DATA EXTRACT>
- Opening Delimiter -
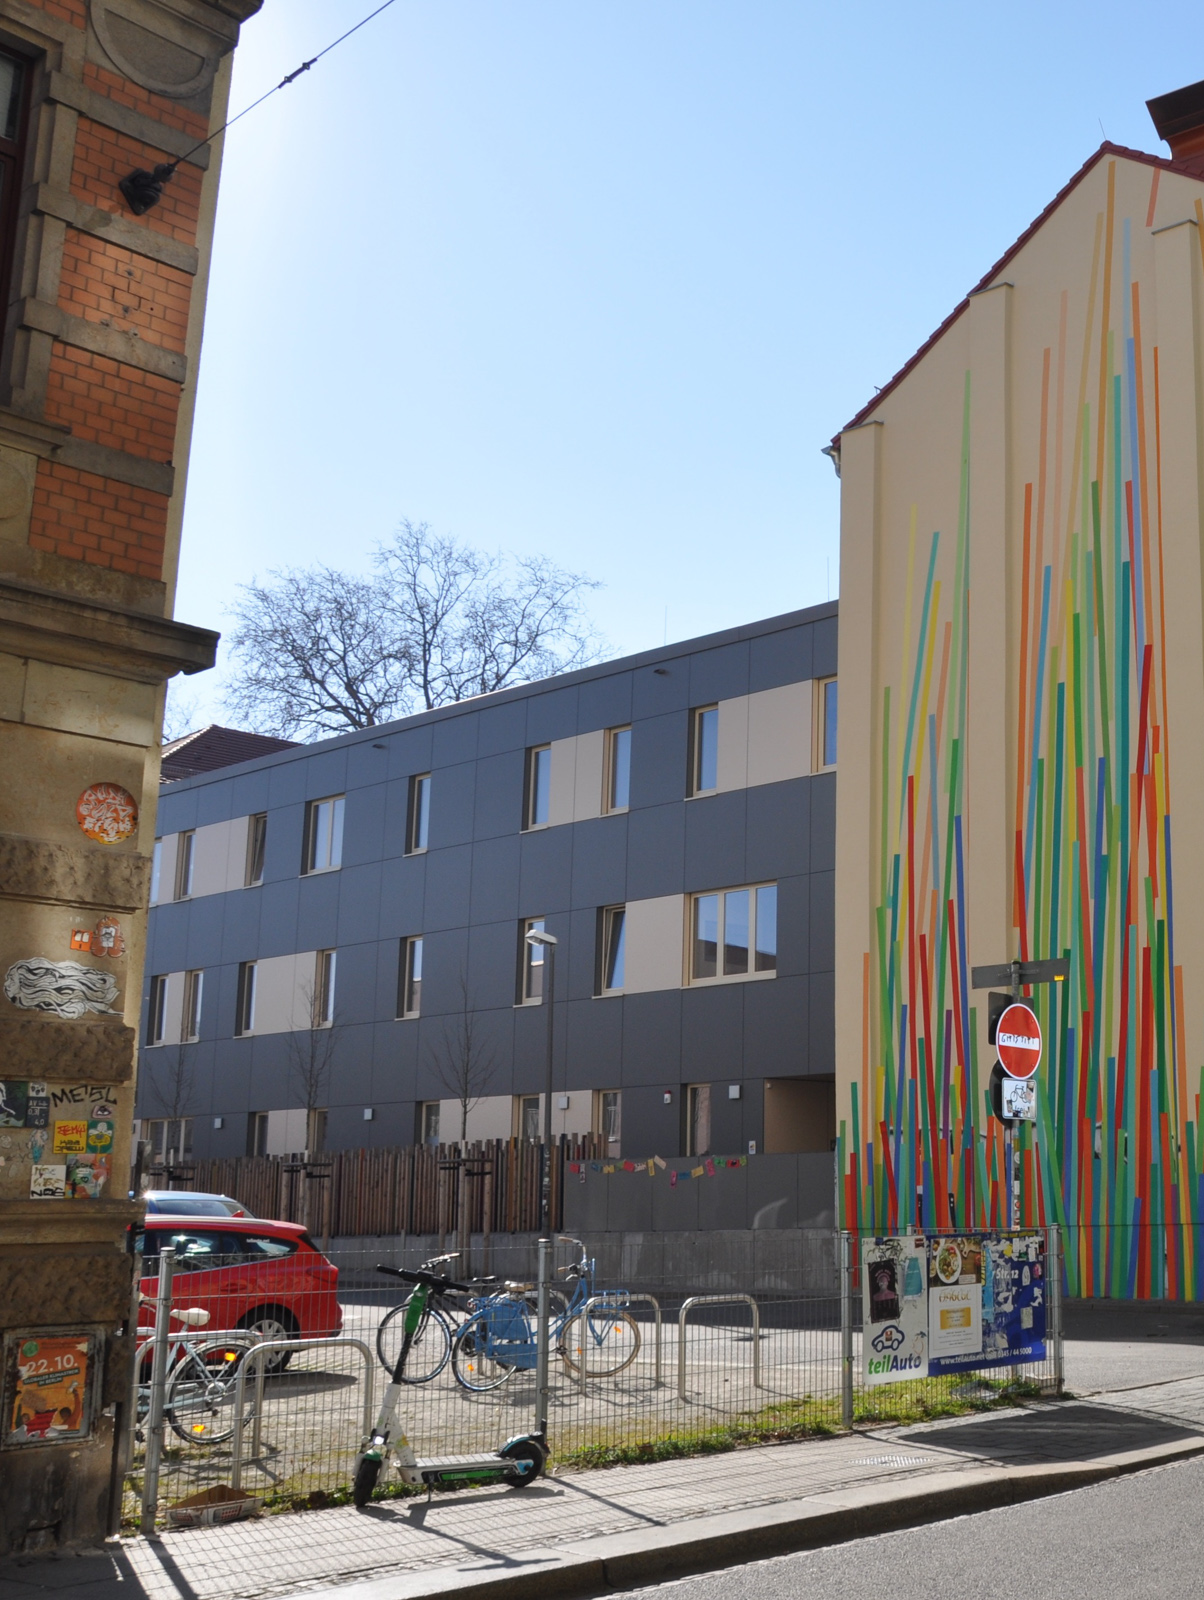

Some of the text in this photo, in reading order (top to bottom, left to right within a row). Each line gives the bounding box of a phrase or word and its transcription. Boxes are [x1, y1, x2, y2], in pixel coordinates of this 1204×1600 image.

[996, 1268, 1019, 1279] Str. 12
[25, 1354, 79, 1376] 22.10.
[867, 1353, 922, 1375] teilAuto
[45, 1376, 62, 1384] BERLIN
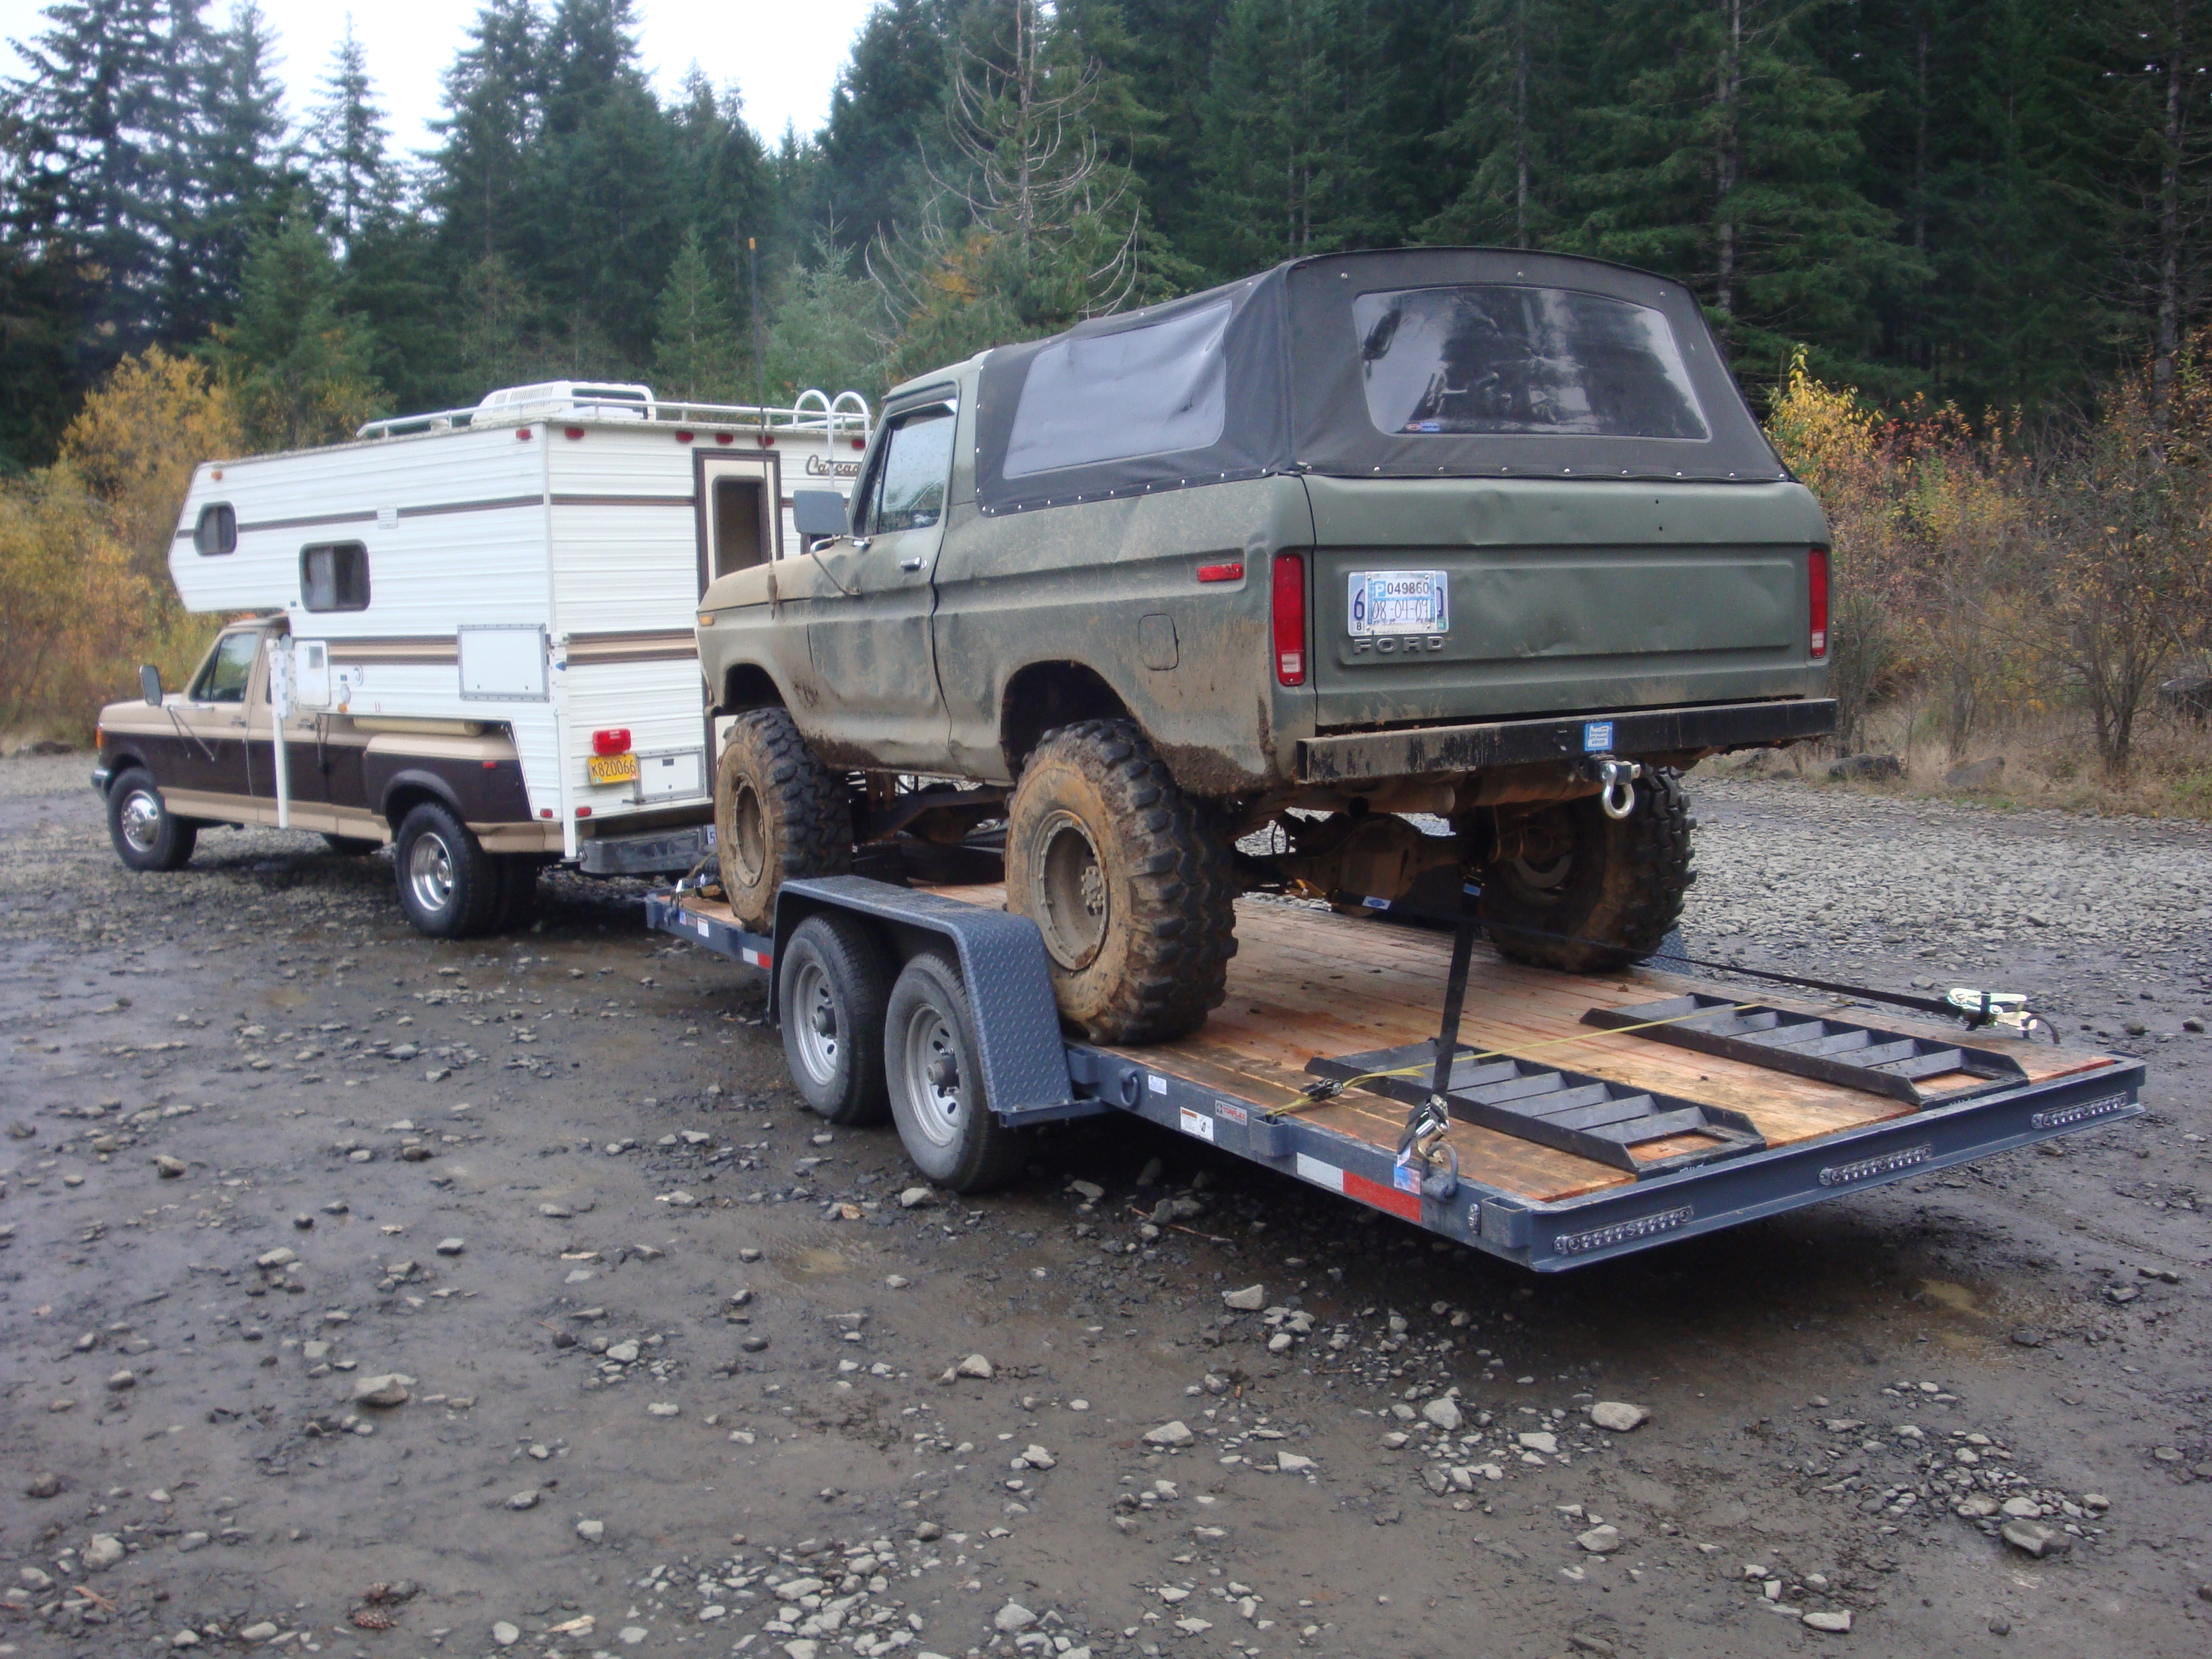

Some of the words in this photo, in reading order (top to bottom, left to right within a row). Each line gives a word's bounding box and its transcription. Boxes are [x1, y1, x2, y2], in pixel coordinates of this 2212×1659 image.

[1387, 582, 1429, 594] 049860
[1356, 622, 1362, 631] 8
[1353, 636, 1445, 655] FORD
[591, 760, 636, 777] K820066
- Closing Delimiter -
TO DO> Each line above is to be copied exactly, and the pictures are to be dropped.

RESULT BELOW>
Some of the text in this photo, in reading order (top to bottom, left to right within a row). Each line gives the bounding box of a phrase or word and its transcription. Boxes are [x1, y1, x2, y2], in pixel coordinates of this 1204×1600 image.

[996, 1268, 1019, 1279] Str. 12
[25, 1354, 79, 1376] 22.10.
[867, 1353, 922, 1375] teilAuto
[45, 1376, 62, 1384] BERLIN

Some of the words in this photo, in reading order (top to bottom, left to right within a row). Each line gives a word's bounding box and its transcription. Boxes are [x1, y1, x2, y2], in pixel coordinates of this 2212×1659 image.

[1387, 582, 1429, 594] 049860
[1356, 622, 1362, 631] 8
[1353, 636, 1445, 655] FORD
[591, 760, 636, 777] K820066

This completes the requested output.